Voici le troisième et dernier volet du dossier consacré à la photographie instantanée, suivant le procédé mis au point par Polaroid. Après le test consacré au génial Lomo Instant et de la pellicule Fufi, puis au SX-70 avec la pellicule signée Impossible Project, voici le dernier chapitre dédié au mythique Polaroid 250 avec un film qui ne l’est pas moins, le film pack FP-3000B de Fujifilm.
Le souvenir que je garderai de l’Atlantique Jazz festival 2015 ? C’est ce moment d’après-concert, au Family de Landerneau, quand j’ai ouvert et déployé mon Polaroid 250, ma vieillerie, ma deLorean, ma machine à voyager dans le temps tout droit sortie des années soixante. Le même appareil que celui que Patti Smith utilisait pour immortaliser ses souvenirs de jeunesse ! Mon projet c’était de réaliser des séries de clichés pendant le festival de jazz, confronter l’argentique, le traditionnel avec ce que la technologie propose aujourd’hui de plus abouti en photographie numérique. Dans le même sac Polaroid 250 et Nikon D4s. Une confrontation ? Pas tout à fait. Je ne pense pas qu’on puisse opposer argentique et numérique puisque finalement le processus, quelqu’il soit, aboutit à la réalisation d’une image. Dans les deux cas, la photographie règne. J’étais donc là à attendre que Andrea Motis et le Juan Chamorro Quintet en aient fini de leur interminable signature d’autographes pour les faire poser devant mon objectif antédiluvien.
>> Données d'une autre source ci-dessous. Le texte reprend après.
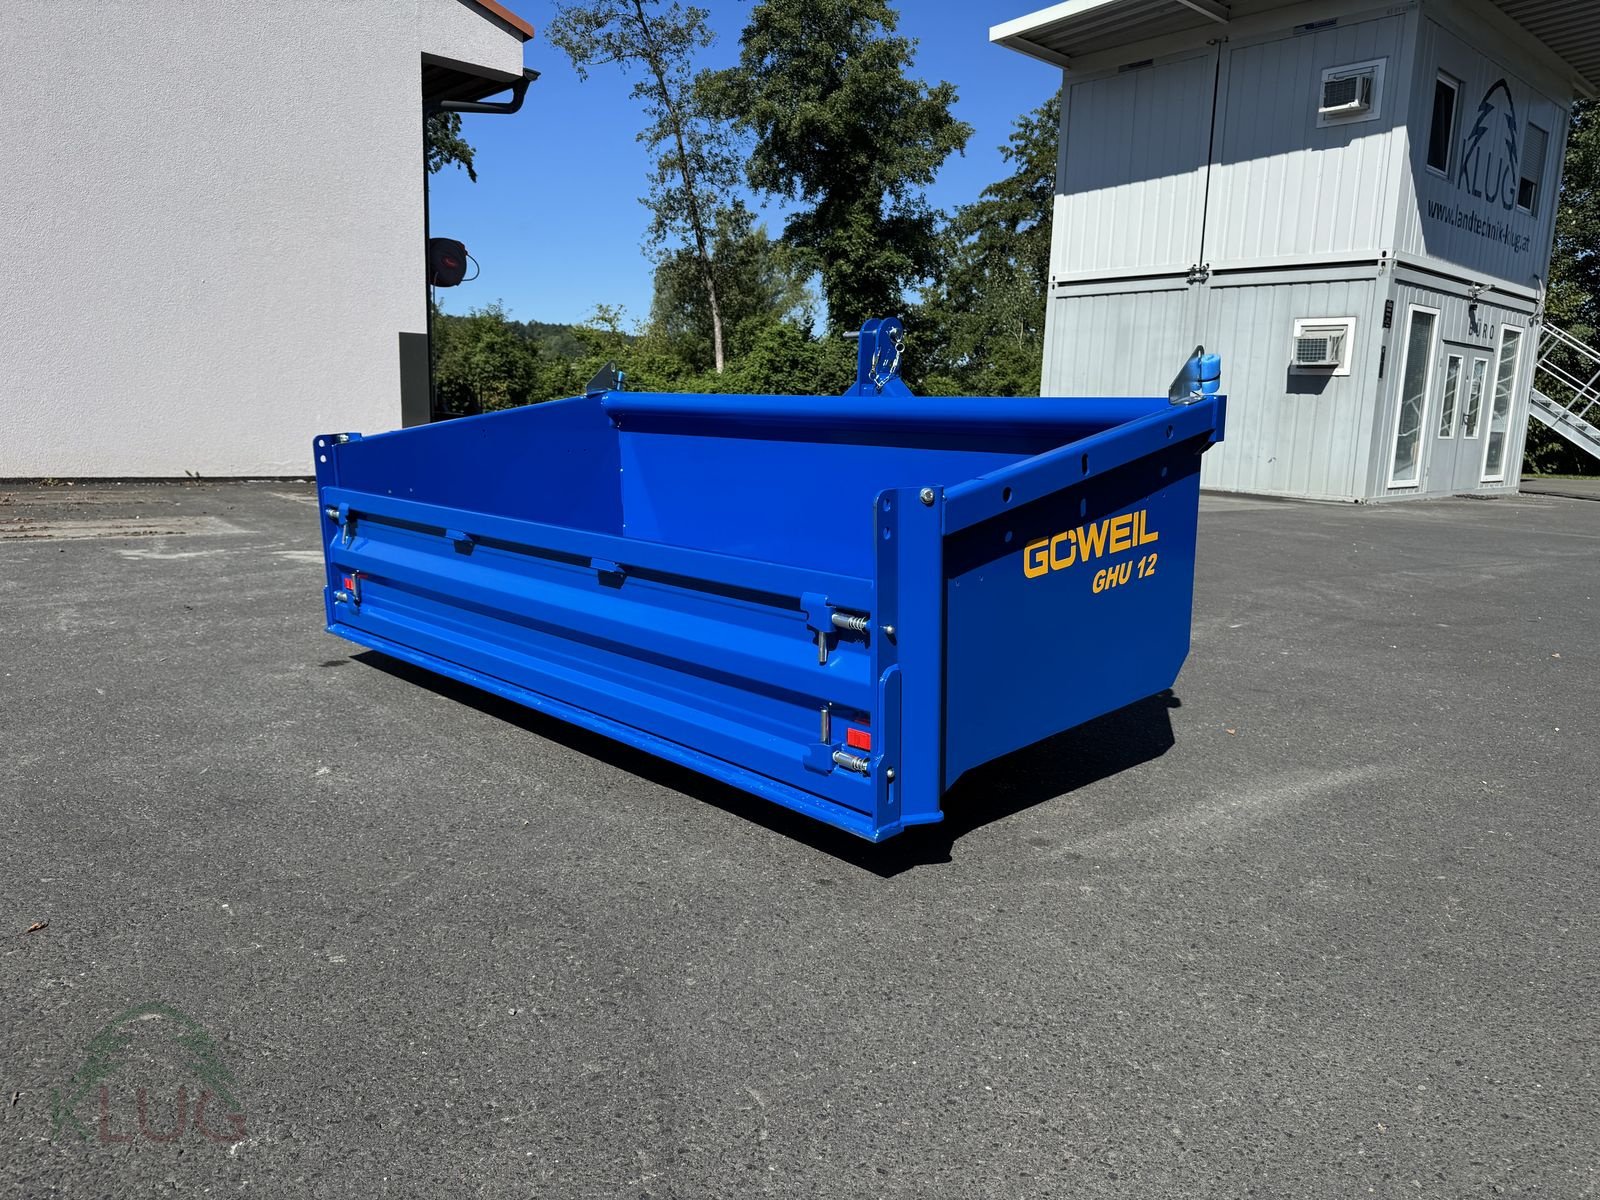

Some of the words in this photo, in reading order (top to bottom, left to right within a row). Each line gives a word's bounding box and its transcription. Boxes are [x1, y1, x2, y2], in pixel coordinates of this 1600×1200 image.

[1457, 138, 1517, 211] KLUG
[1427, 199, 1531, 253] www.landtechnik-klug.at
[1092, 560, 1133, 594] GHU
[1137, 553, 1158, 579] 12
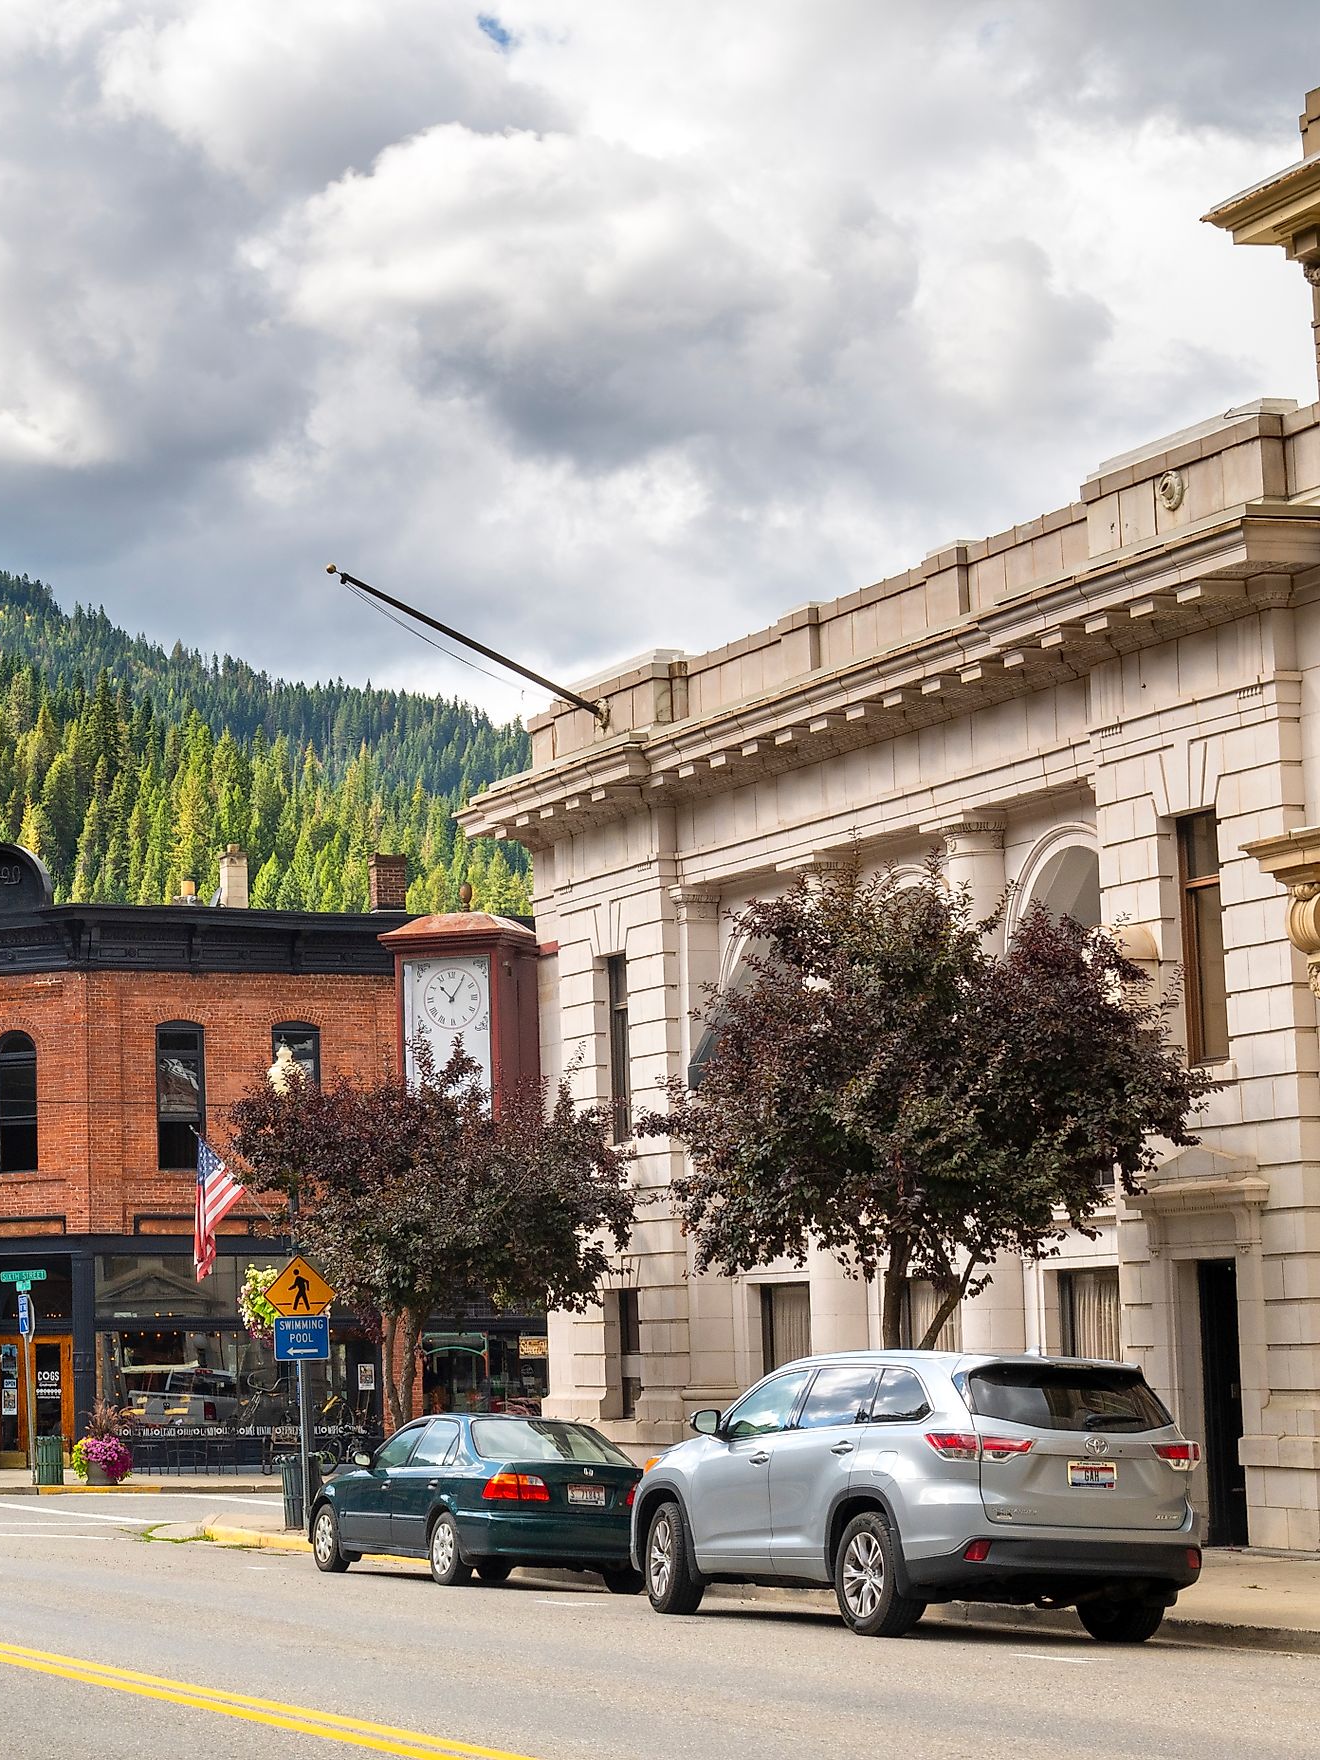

En attendant, je me suis fait la main en réalisant un portrait de mon assistant de luxe en la personne de mon ami et compagnon de route Guy Chuiton, photographe à l’ancienne, grand amateur de Contax et de Leica réunis, même s’il ne rechigne pas à utiliser son EOS numérique. Et le premier résultat était déjà très encourageant…
Polaroid 250, retour dans les sixties.
• Fujifilm FP3000B. Quel putain de bon film !
Pour ce projet j’ai utilisé un Polaroid 250 avec du film pack 100, le désormais mythique Fujifilm FP-3000B, film noir et blanc exceptionnel à tout point de vue. Tellement exceptionnel que Fujifilm a décidé d’en cesser la production. Ce film, qui coûtait habituellement autour de 12 euro la boîte, se négocie désormais à des prix astronomiques, suivant l’adage que tout ce qui est rare est cher. Je voulais vivre l’expérience de ce film qui donne des résultats remarquables. Haute sensibilité (3000iso), développement ultra rapide (15 secondes à température ambiante) et une qualité de noirs, de blancs, de gris à tomber à la renverse. J’imagine que des raisons économiques ont poussé la marque Fuji à cesser la production. Les marchés de niche n’intéressent pas les multinationales, c’est bien connu ! Et pourtant, Dieu sait si ce film présente de très grandes qualités, capable de produire une image magnifiquement contrastée, durable et de manière instantanée. C’est la vie et c’est bien triste de voir disparaître un tel monument, car c’est ce que ce film représente à mes yeux. Un monument.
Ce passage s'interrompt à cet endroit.